5. Picking media fights: Poilievre’s testy exchange with an ill-prepared B.C. reporter while he chewed on an apple was a home run. Picking the occasional fight with the media is good politics, especially for conservatives – the base eat it up. But doing it all the time, as Poilievre tends to do, gets tired, and sometimes even looks like bullying. When nearly half of Canadians already think you’re arrogant (see above), that ain’t good.
6. Trudeau’s the devil we know: The Liberal leader, as disliked as he is, is a known quantity. Those who dislike him know why they dislike him. Those who like him – a quarter of voters – have stuck with him through thick and thin. Poileivre, however, has yet to be fully defined in the minds of voters. And, as they get to know him better, some clearly don’t like what they see.
7. One guy has a climate plan: And the other one doesn’t. This, more than any other issue, is what killed Erin O’Toole and Andrew Scheer with younger voters – the belief that Trudeau cares about the environment, and successive Tory leaders just don’t. Which is why an Abacus poll revealed, this week, that the one policy issue that still works for Trudeau is the environment. Most Canadians believe Trudeau has a green plan, however imperfect. And that Poilievre doesn’t.
8. Incumbency is Trudeau’s friend: Like him or not, it isn’t hard to picture Justin Trudeau as Prime Minister – because that’s what he’s been since November 4, 2015. As the former Special Assistant to Jean Chretien, trust me: real power – incumbency – confers gravitas and credibility on a leader.

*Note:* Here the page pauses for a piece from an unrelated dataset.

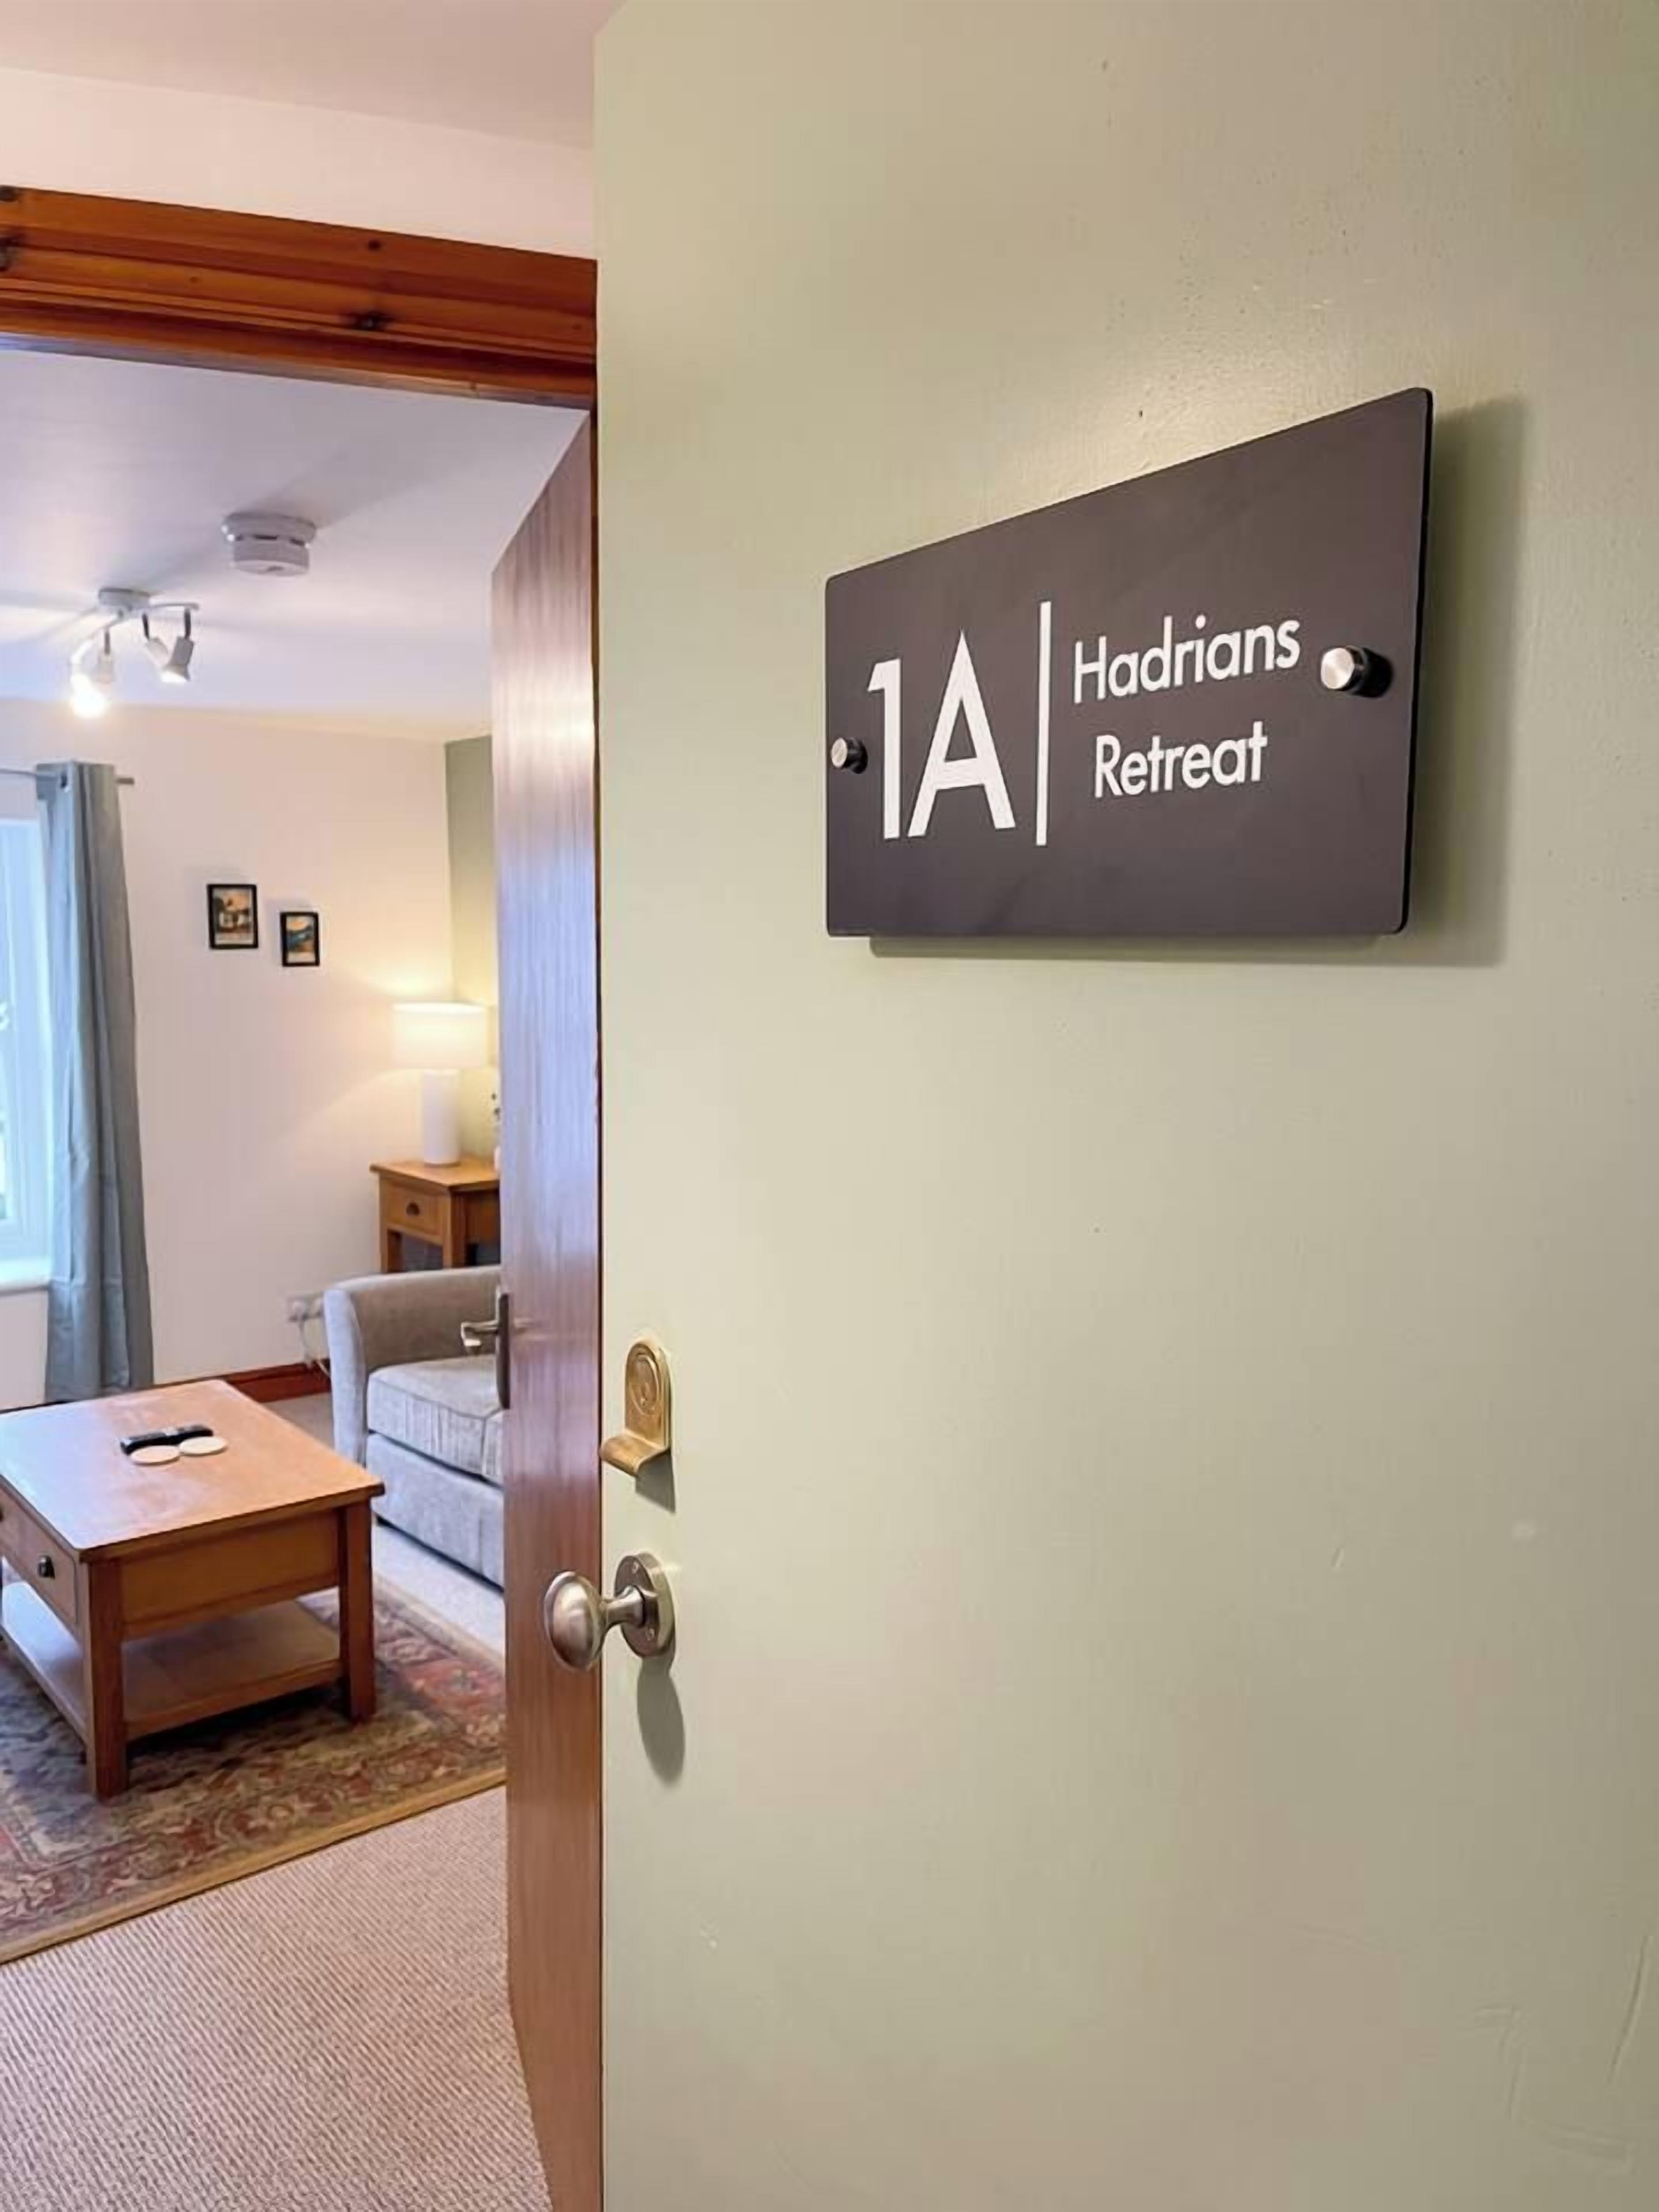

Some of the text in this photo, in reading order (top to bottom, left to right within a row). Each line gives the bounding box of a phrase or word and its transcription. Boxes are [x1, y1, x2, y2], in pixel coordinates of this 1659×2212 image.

Being an opposition leader just doesn’t.
9. Audition for the job you want: …not the one you already have. Pierre Poilievre is an amazing Leader of the Opposition. He’s tough in Question Period, in committee, and in scrums. Yes. But there was another opposition leader who was great at all that, too: Tom Mulcair. So where’s Tom Mulcair now? Gone, baby, gone. Trudeau knows drama and auditions, and he’s always auditioning for the role of P.M. Poilievre, too, auditions for the job he’s already got.
10. Trudeau’s got a bigger base: Conservative-minded voters are highly motivated – to vote, to donate, to get involved. Progressive voters aren’t – but there’s more of them. When you lump the Liberal and NDP vote together, as Trudeau clearly does with his Axis of Weasels™ coalition, the progressive side offers more gettable vote. And some of it is clearly coming back to Team Trudeau.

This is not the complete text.